Highlighted by Electrek, Tesla President John McNeil responded last week to a prompt on the Tesla Motors Club forum from an owner who said the company should “allow us to perform our own maintenance, which involves releasing service info and software as well as sell us parts.”

McNeil replied: “Just sent you a note on that—in the works!”
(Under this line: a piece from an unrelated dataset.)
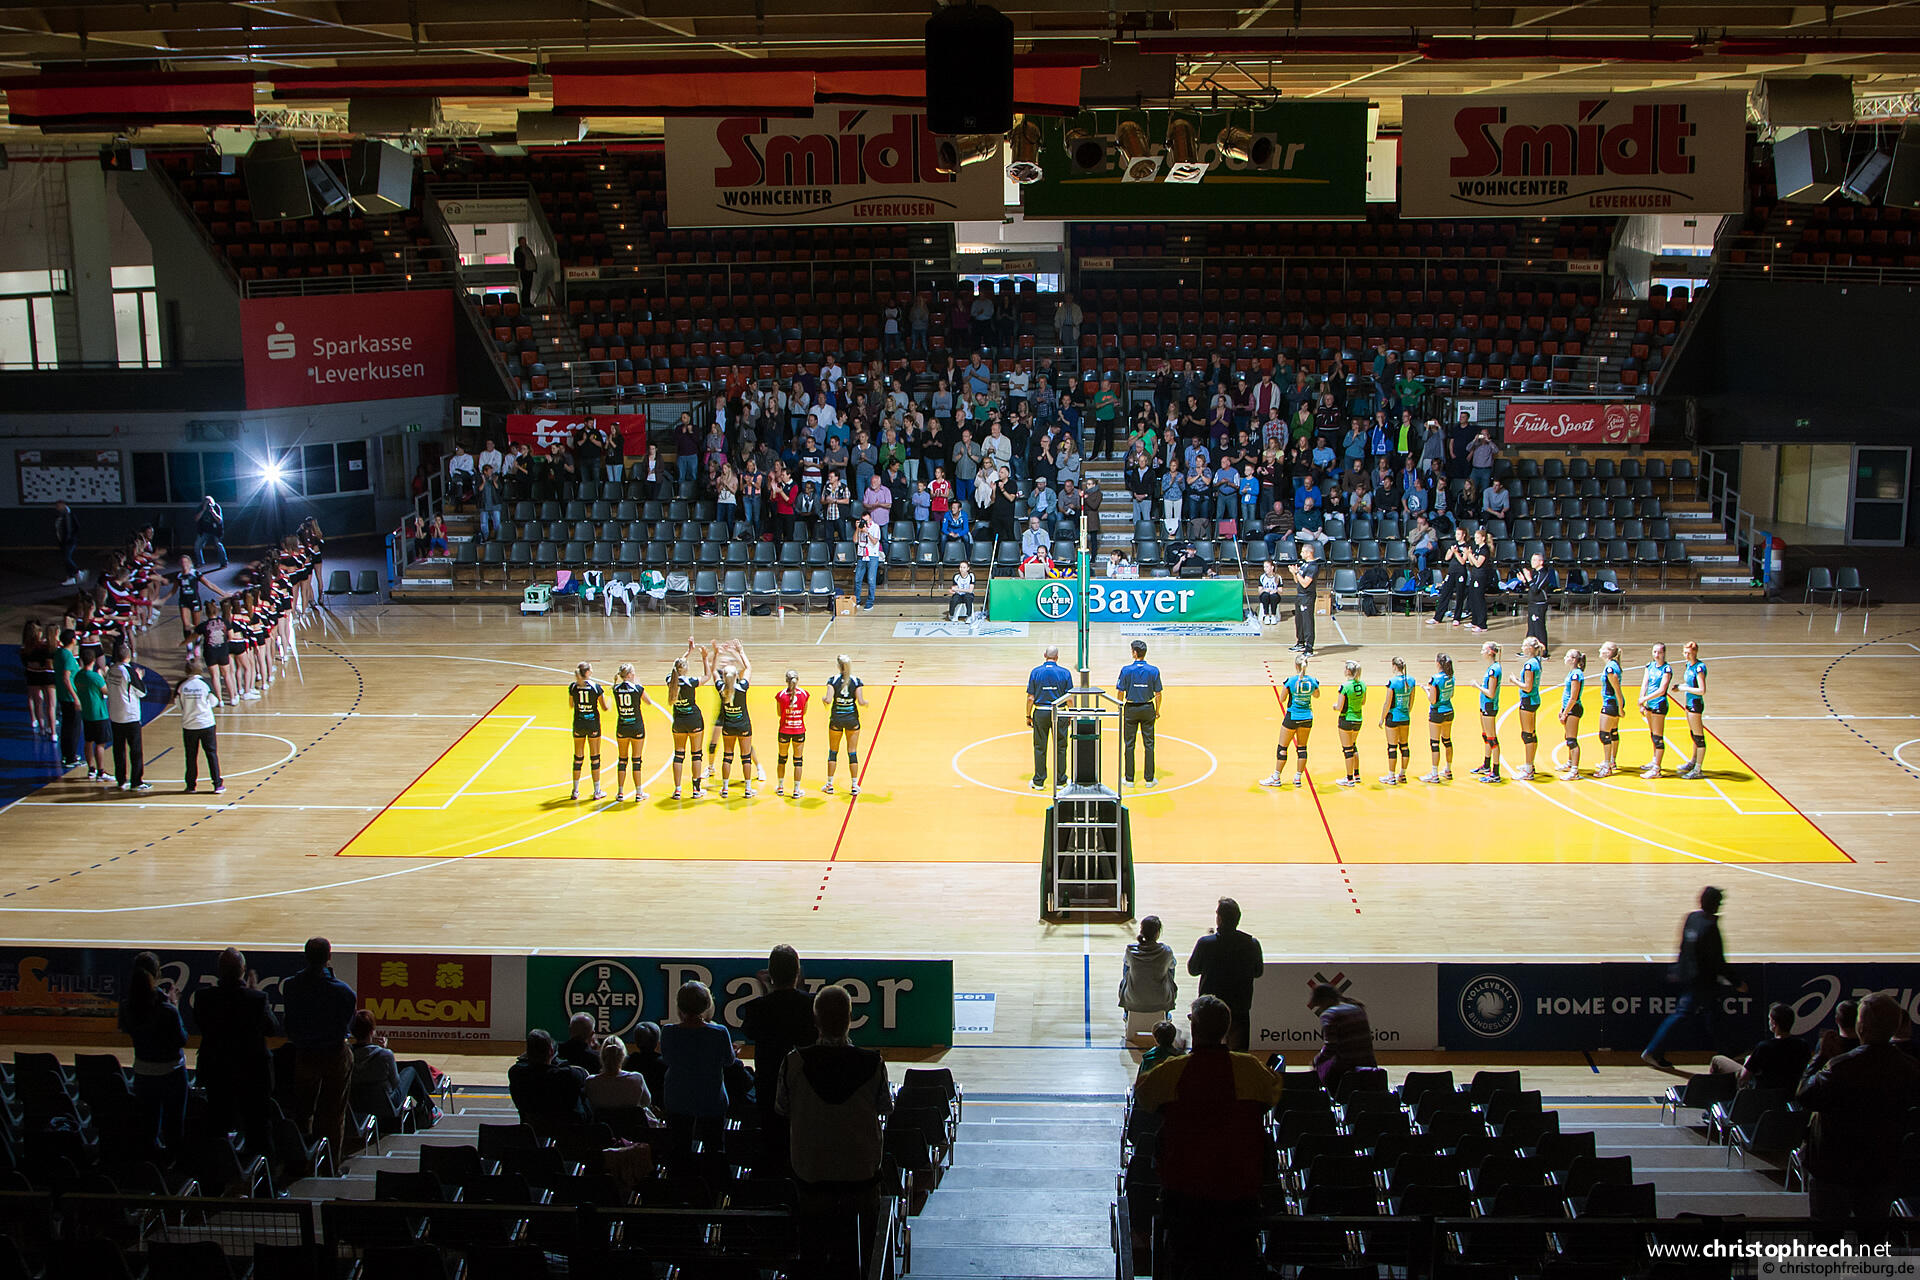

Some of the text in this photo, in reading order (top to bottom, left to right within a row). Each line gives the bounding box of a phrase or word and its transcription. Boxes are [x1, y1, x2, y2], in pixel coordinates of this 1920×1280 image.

It could be an interesting way to circumvent the dealers Tesla is perpetually at war with, who not only sell new cars but often make most of their money off repairs. And if Tesla wants to hit critical mass with the Model 3, it will need repair options.

As Electrek reports, it’s expensive to obtain the information that’s needed to perform repairs on Tesla vehicles. The website says there’s a push across the U.S. right now to approve what’s known as “Right to Repair” laws, which “force electronic manufacturers to sell replacement parts and make their diagnostic and service manuals available to independent repair shops and consumers.” Currently, it’s only enshrined in Massachusetts. From Electrek:

New “Right to Repair” bills have been introduced in Nebraska, Minnesota, New York, Massachusetts, and Kansas. While they are mostly aimed at electronic manufacturers, they are modeled after Massachusetts’ Motor Vehicle Owners’ Right to Repair Act. Most automakers agreed to follow the state law nationwide and make their diagnostic codes and repair data available in a common format by the 2018 model year in order to avoid having state-by-state requirements.


A Tesla spokesperson declined to comment beyond McNeil’s brief remark on the forum, but it’s certainly a nice development for owners itching to handle their own repairs.